Work required: When you retype the data, keep every word exactly and include none of the pictures.

**** Provided records

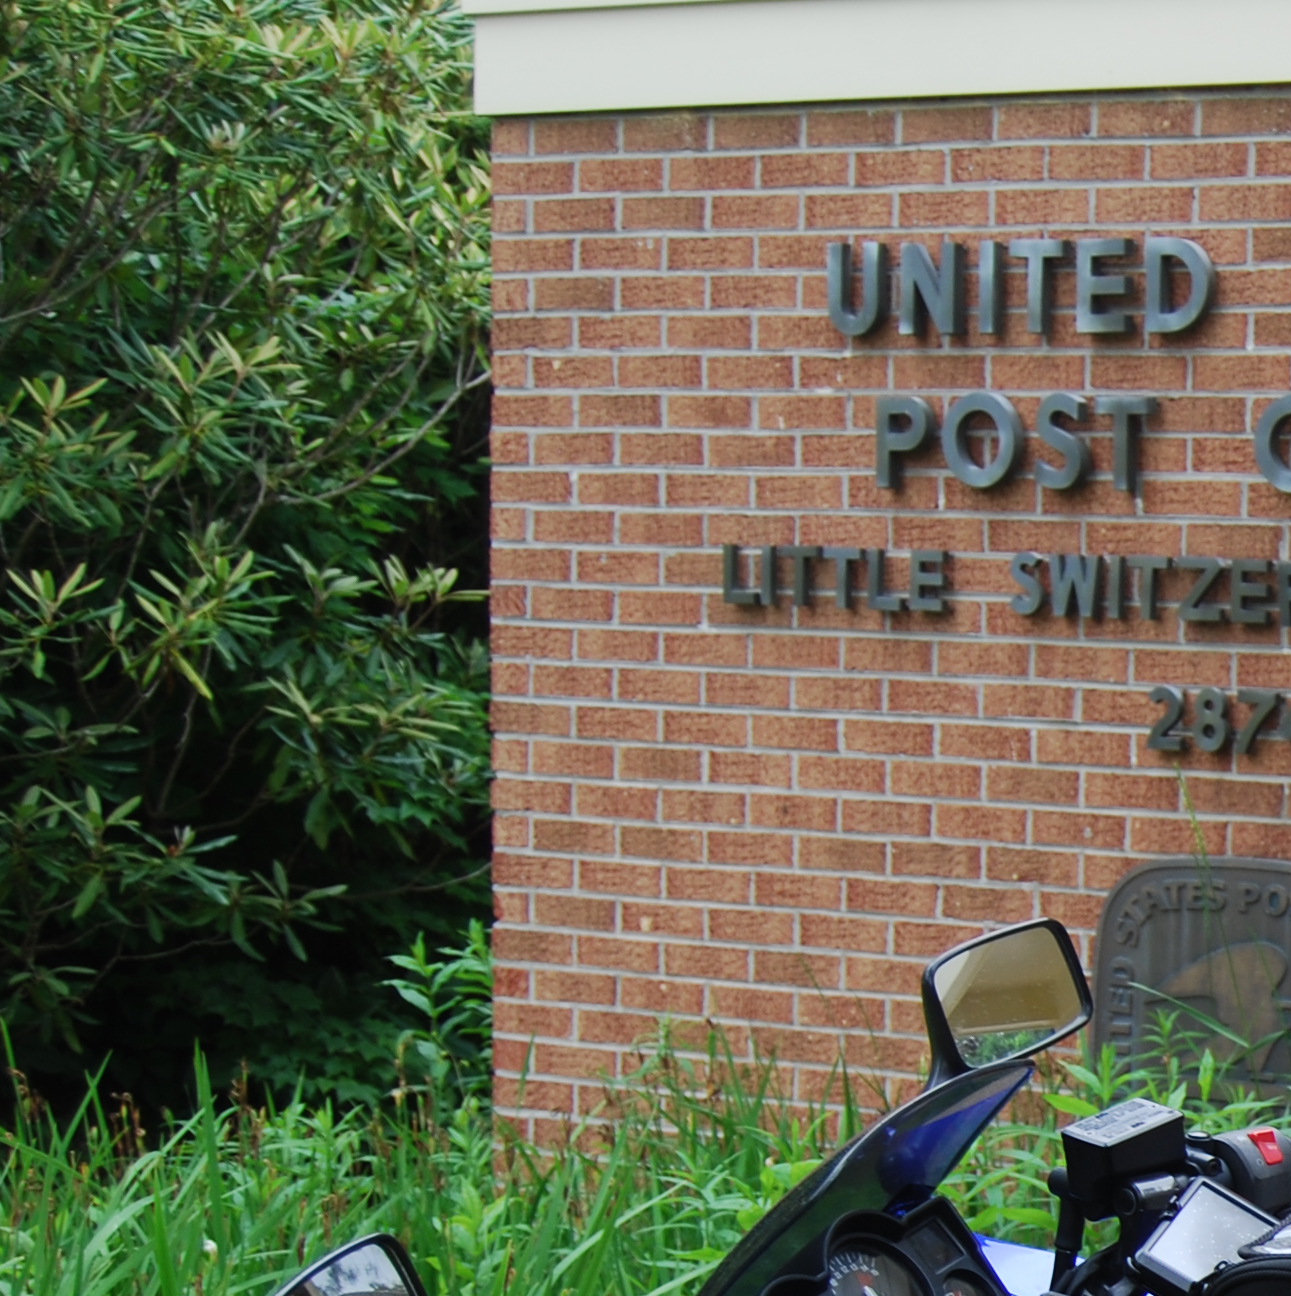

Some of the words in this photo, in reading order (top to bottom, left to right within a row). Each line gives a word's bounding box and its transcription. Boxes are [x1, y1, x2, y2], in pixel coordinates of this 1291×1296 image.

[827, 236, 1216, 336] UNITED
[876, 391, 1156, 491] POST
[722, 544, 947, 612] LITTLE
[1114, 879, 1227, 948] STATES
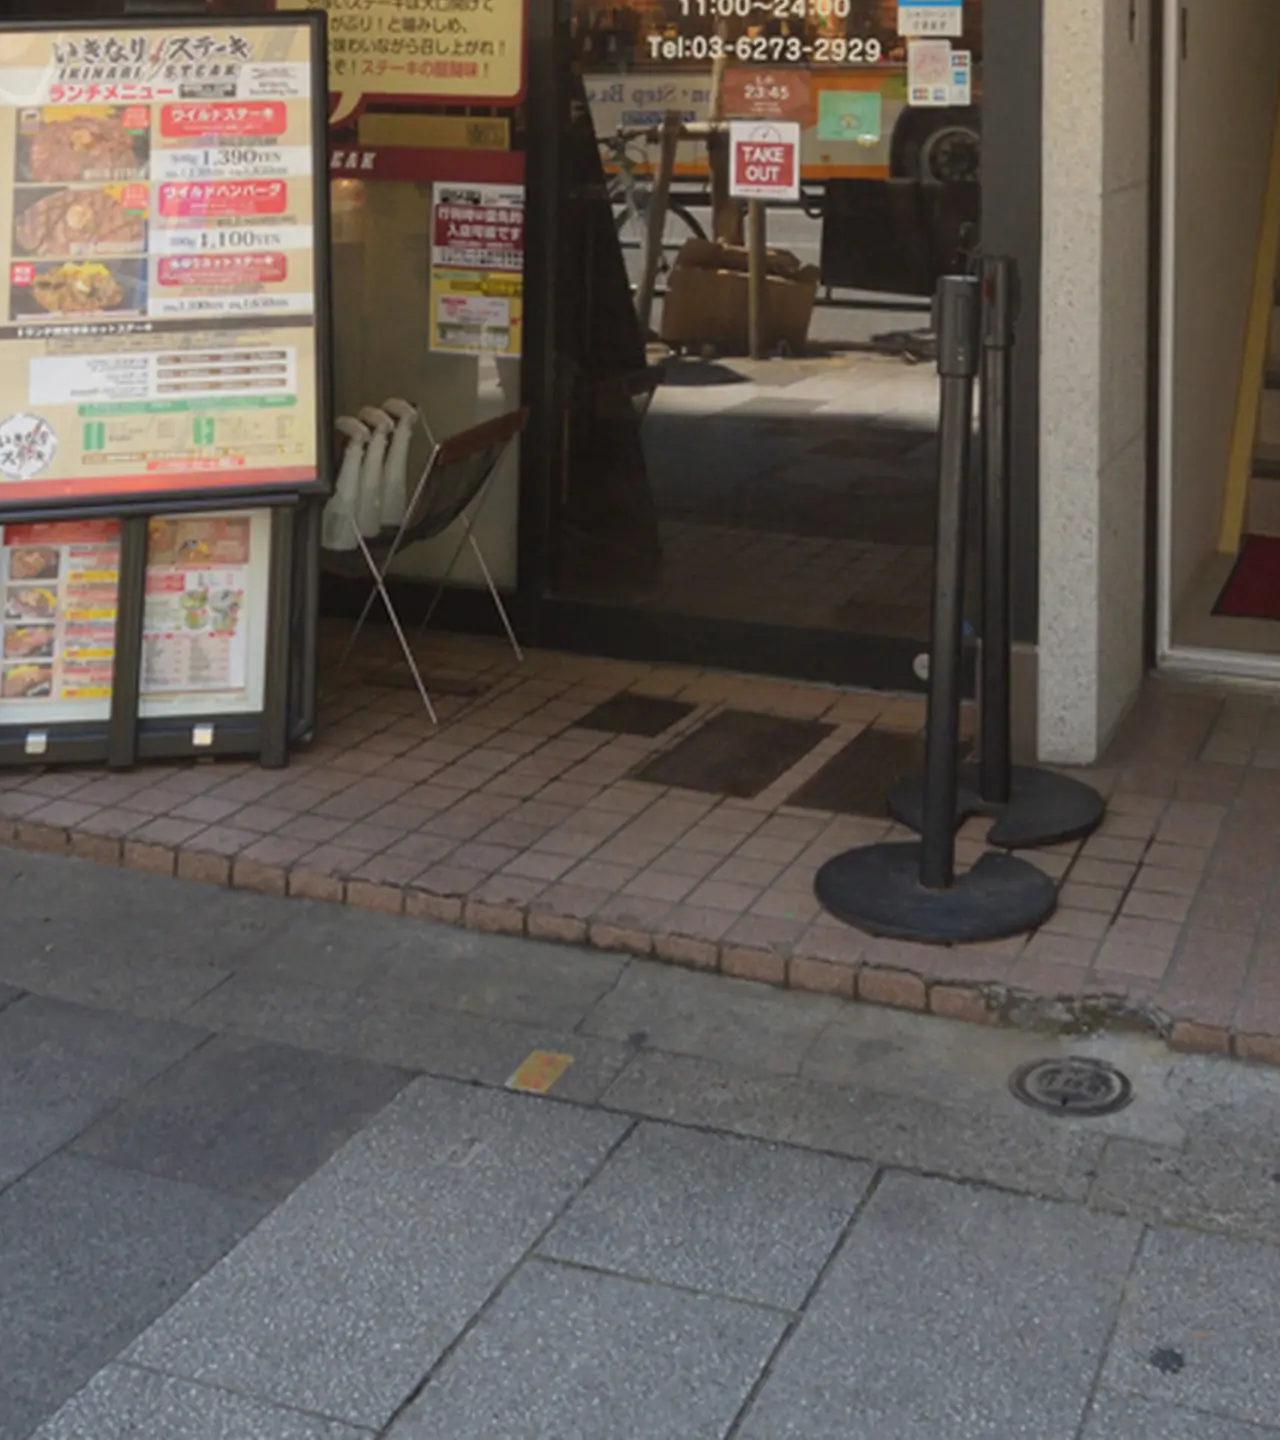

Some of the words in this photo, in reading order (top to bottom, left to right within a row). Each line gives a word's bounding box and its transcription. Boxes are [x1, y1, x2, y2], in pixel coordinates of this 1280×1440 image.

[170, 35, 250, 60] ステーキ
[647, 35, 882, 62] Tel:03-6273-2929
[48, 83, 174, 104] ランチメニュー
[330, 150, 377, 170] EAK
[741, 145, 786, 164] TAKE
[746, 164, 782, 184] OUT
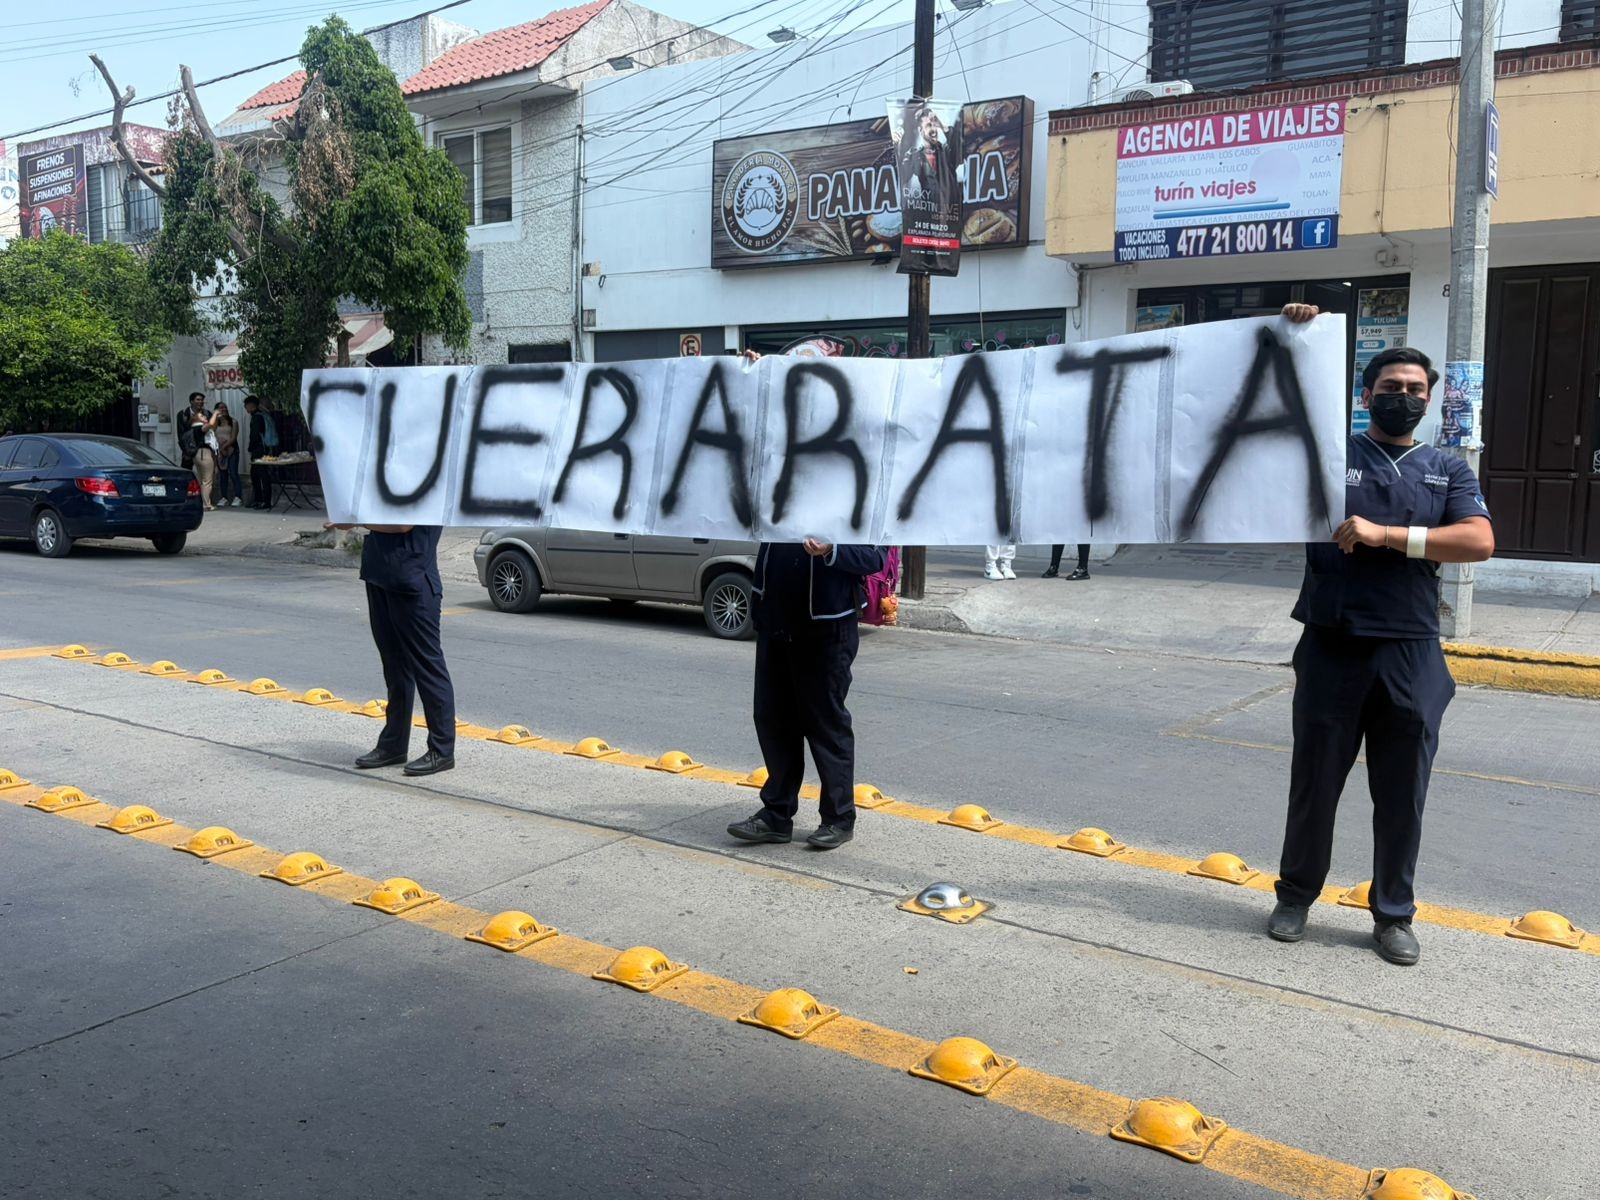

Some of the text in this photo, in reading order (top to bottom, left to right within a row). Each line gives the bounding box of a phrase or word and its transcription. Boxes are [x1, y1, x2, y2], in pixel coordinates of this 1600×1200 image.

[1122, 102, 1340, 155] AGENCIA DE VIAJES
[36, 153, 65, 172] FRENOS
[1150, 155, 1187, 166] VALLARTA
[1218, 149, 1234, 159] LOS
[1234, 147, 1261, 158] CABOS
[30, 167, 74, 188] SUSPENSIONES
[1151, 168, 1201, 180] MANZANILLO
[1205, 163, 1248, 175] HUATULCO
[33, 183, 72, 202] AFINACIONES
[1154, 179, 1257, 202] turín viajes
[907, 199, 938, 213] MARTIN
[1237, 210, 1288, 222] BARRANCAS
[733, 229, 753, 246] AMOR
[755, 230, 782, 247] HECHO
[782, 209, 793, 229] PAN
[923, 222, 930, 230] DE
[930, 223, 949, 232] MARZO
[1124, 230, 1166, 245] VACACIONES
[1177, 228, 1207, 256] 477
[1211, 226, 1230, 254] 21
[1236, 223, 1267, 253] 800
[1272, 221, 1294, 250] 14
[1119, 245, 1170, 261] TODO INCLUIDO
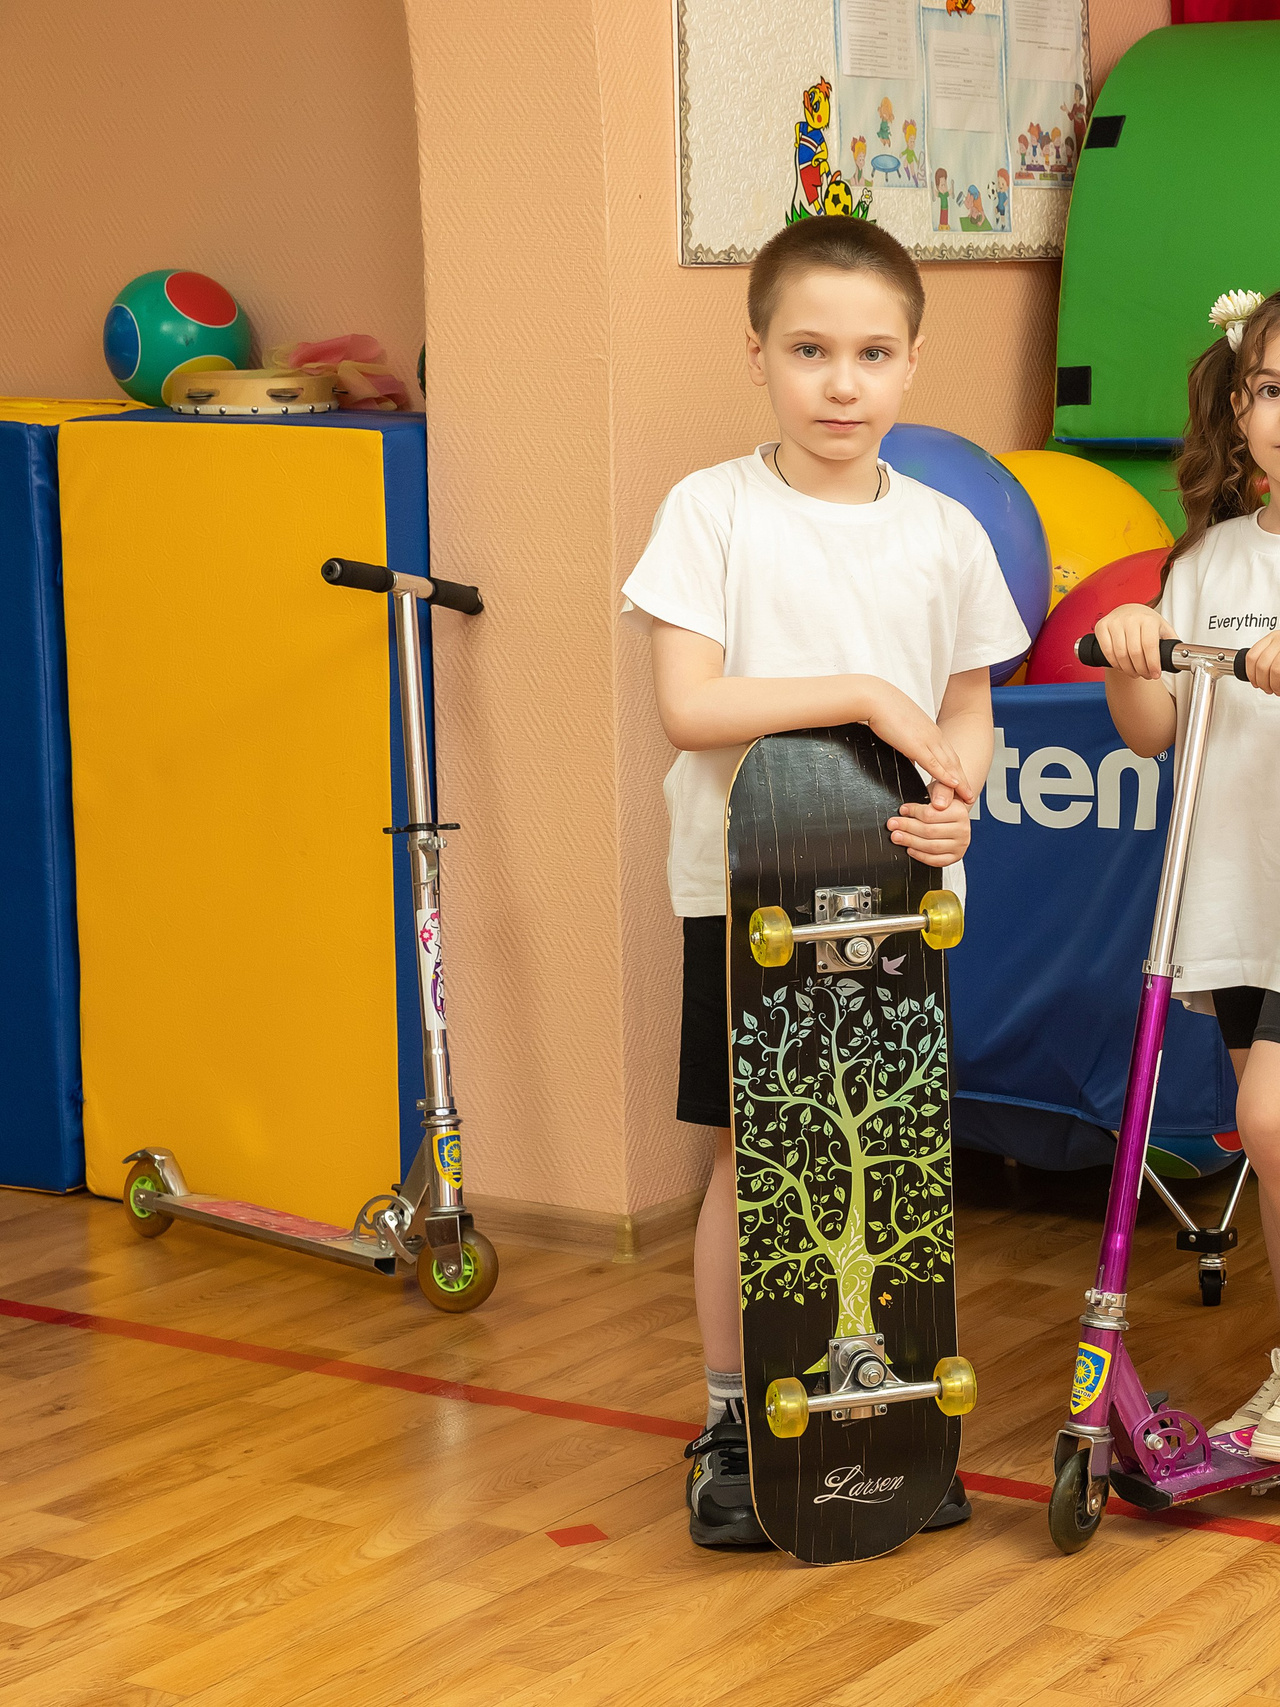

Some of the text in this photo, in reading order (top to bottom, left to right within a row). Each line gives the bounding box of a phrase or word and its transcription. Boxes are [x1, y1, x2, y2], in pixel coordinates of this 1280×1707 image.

********

Result of the task:
Some of the words in this photo, in reading order (top to bottom, left to right within a row). Each line gives a word's bounding box and its transcription. Boxes are [x1, y1, x2, y2], in pixel coordinates of this 1291×1296 image.

[827, 236, 1216, 336] UNITED
[876, 391, 1156, 491] POST
[722, 544, 947, 612] LITTLE
[1114, 879, 1227, 948] STATES

Some of the words in this photo, in reading order (top to bottom, left to right within a row). Each line gives a word's bounding box and its transcription. Boxes are [x1, y1, x2, y2], in pixel coordinates of this 1280×1440 image.

[170, 35, 250, 60] ステーキ
[647, 35, 882, 62] Tel:03-6273-2929
[48, 83, 174, 104] ランチメニュー
[330, 150, 377, 170] EAK
[741, 145, 786, 164] TAKE
[746, 164, 782, 184] OUT

Some of the text in this photo, in reading order (top to bottom, left to right within a row). Each line gives the bounding box of a phrase or word and its transcription. Boxes are [x1, y1, x2, y2], in pixel coordinates of this 1600×1200 image.

[1122, 102, 1340, 155] AGENCIA DE VIAJES
[36, 153, 65, 172] FRENOS
[1150, 155, 1187, 166] VALLARTA
[1218, 149, 1234, 159] LOS
[1234, 147, 1261, 158] CABOS
[30, 167, 74, 188] SUSPENSIONES
[1151, 168, 1201, 180] MANZANILLO
[1205, 163, 1248, 175] HUATULCO
[33, 183, 72, 202] AFINACIONES
[1154, 179, 1257, 202] turín viajes
[907, 199, 938, 213] MARTIN
[1237, 210, 1288, 222] BARRANCAS
[733, 229, 753, 246] AMOR
[755, 230, 782, 247] HECHO
[782, 209, 793, 229] PAN
[923, 222, 930, 230] DE
[930, 223, 949, 232] MARZO
[1124, 230, 1166, 245] VACACIONES
[1177, 228, 1207, 256] 477
[1211, 226, 1230, 254] 21
[1236, 223, 1267, 253] 800
[1272, 221, 1294, 250] 14
[1119, 245, 1170, 261] TODO INCLUIDO

Some of the text in this photo, in reading order (top to bottom, left to right within a row). Each line gives the bounding box of a phrase or word and its transcription. Boxes are [x1, y1, x2, y2], in pixel coordinates of this 1280×1707 image.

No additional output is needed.